At the 1922 Fourth Congress of the Comintern, Claude McKay, a Jamaican poet, and Otto Huiswoud, born in Suriname, persuaded the Comintern to set up a multinational Negro Commission that sought to unite all movements of blacks fighting colonialism. Harry Haywood, a communist drawn out of the ranks of the African Blood Brotherhood, a socialist group with a large number of Jamaican émigrés in its leadership, also played a leading role. McKay persuaded the founders of the Brotherhood to affiliate with the Communist Party in the early 1920s. The African Blood Brotherhood claimed to have almost 3,500 members; relatively few of them, however, joined the party.
The Comintern directed the American party in 1924 to redouble its efforts to organize African-Americans. The party complied by creating the American Negro Labor Congress in 1925. That organization was also a failure: the black press denounced it and the labor movement, outside of a few party-controlled unions that themselves had few black members, ignored it.
The ANLC, for its part, isolated itself from other black organizations, attacking the NAACP and other organizations as middle class accommodationists controlled by white philanthropists. The ANLC and the Party had a more complex relationship with Marcus Garvey's Universal Negro Improvement Association; while the party approved of Garvey's fostering of "race consciousness", it was strongly opposed to his support for a separate black nation. When the party made efforts to recruit members from the UNIA, Garvey expelled the party members and sympathizers in its ranks.
The Third Period and National Self-Determination (1928 – 1935)

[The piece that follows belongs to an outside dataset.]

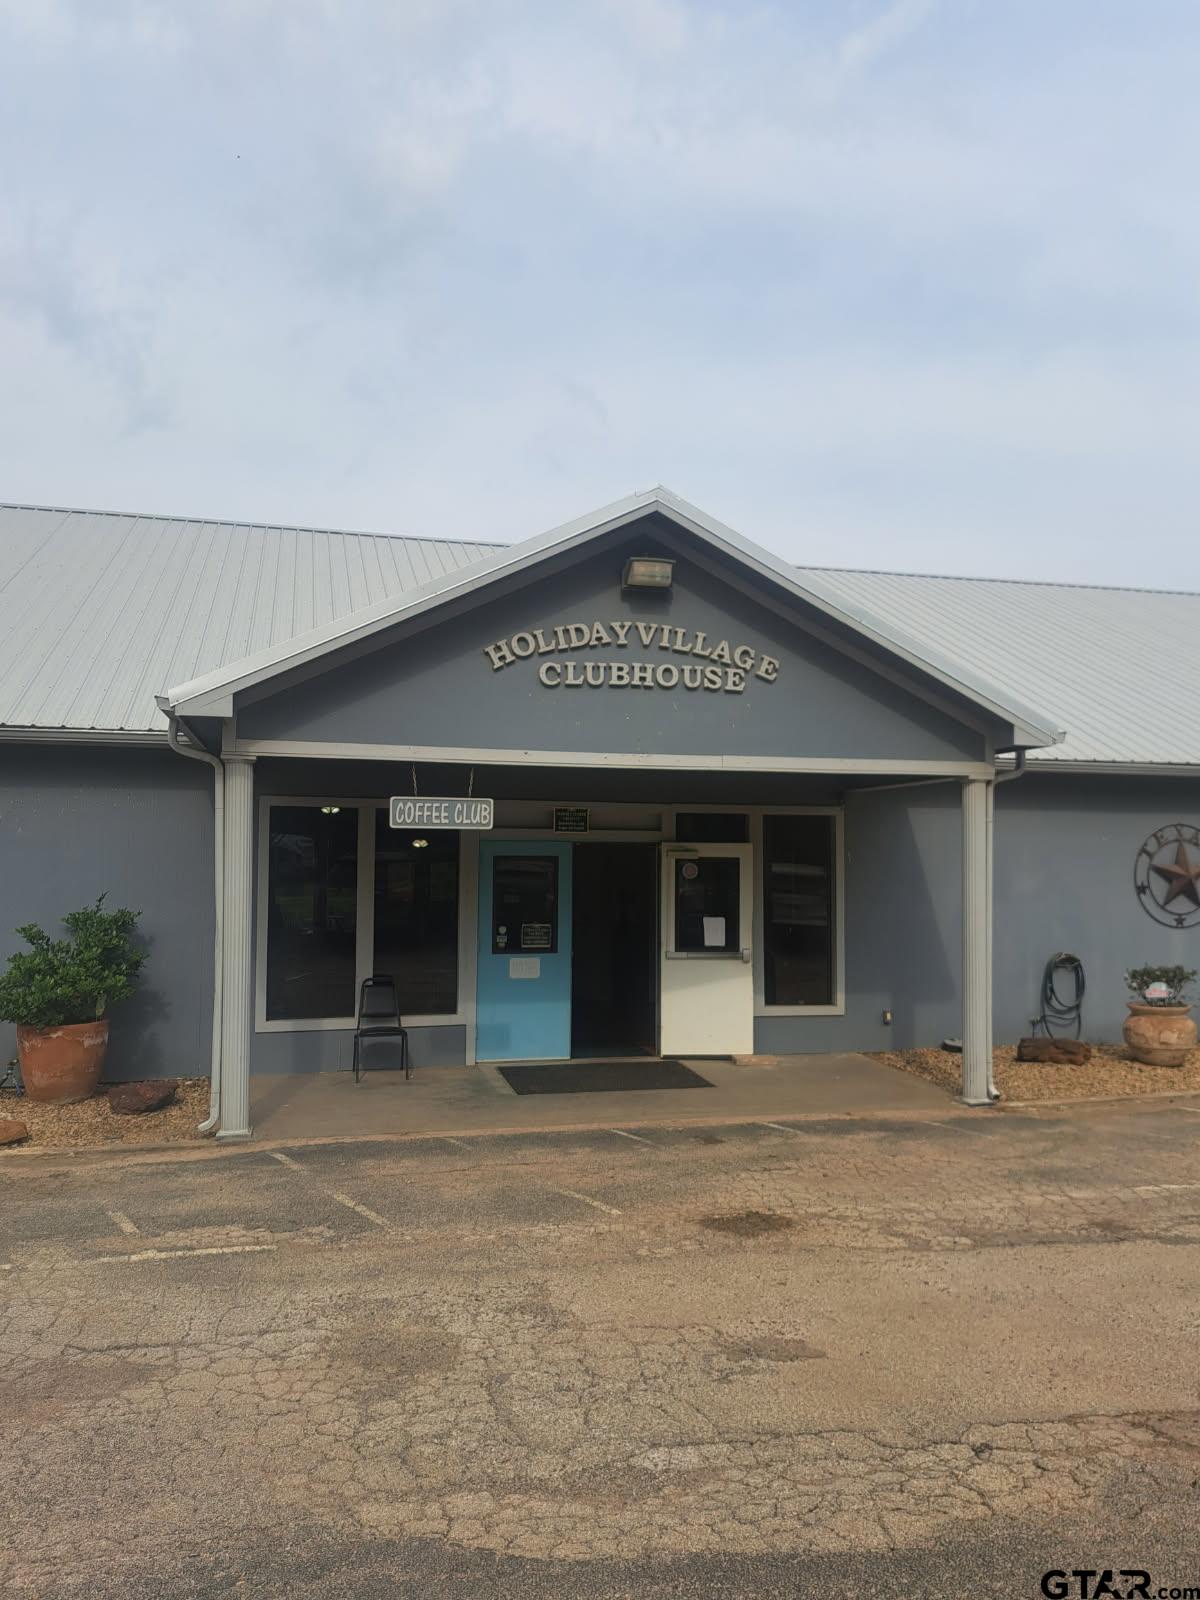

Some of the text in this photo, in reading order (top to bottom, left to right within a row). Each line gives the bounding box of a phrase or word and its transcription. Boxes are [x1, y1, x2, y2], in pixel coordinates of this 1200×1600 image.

[539, 661, 747, 692] CLUBHOUSE
[395, 802, 490, 825] COFFEE CLUB

The Sixth Congress of the Comintern held in 1928 changed the party's policy drastically; it claimed that blacks in the United States were a separate national group and that black farmers in the South were an incipient revolutionary force. The Comintern therefore ordered the party to press the demand for a separate nation for blacks within the so-called "Black Belt", a swath of counties with a majority black population extending from eastern Virginia and the Carolinas through central Georgia, Alabama, the delta regions of Mississippi and Louisiana and the coastal areas of Texas. The party leadership, deeply divided into rival factions, each eager to show its fealty to the Comintern's understanding of conditions in the United States, complied.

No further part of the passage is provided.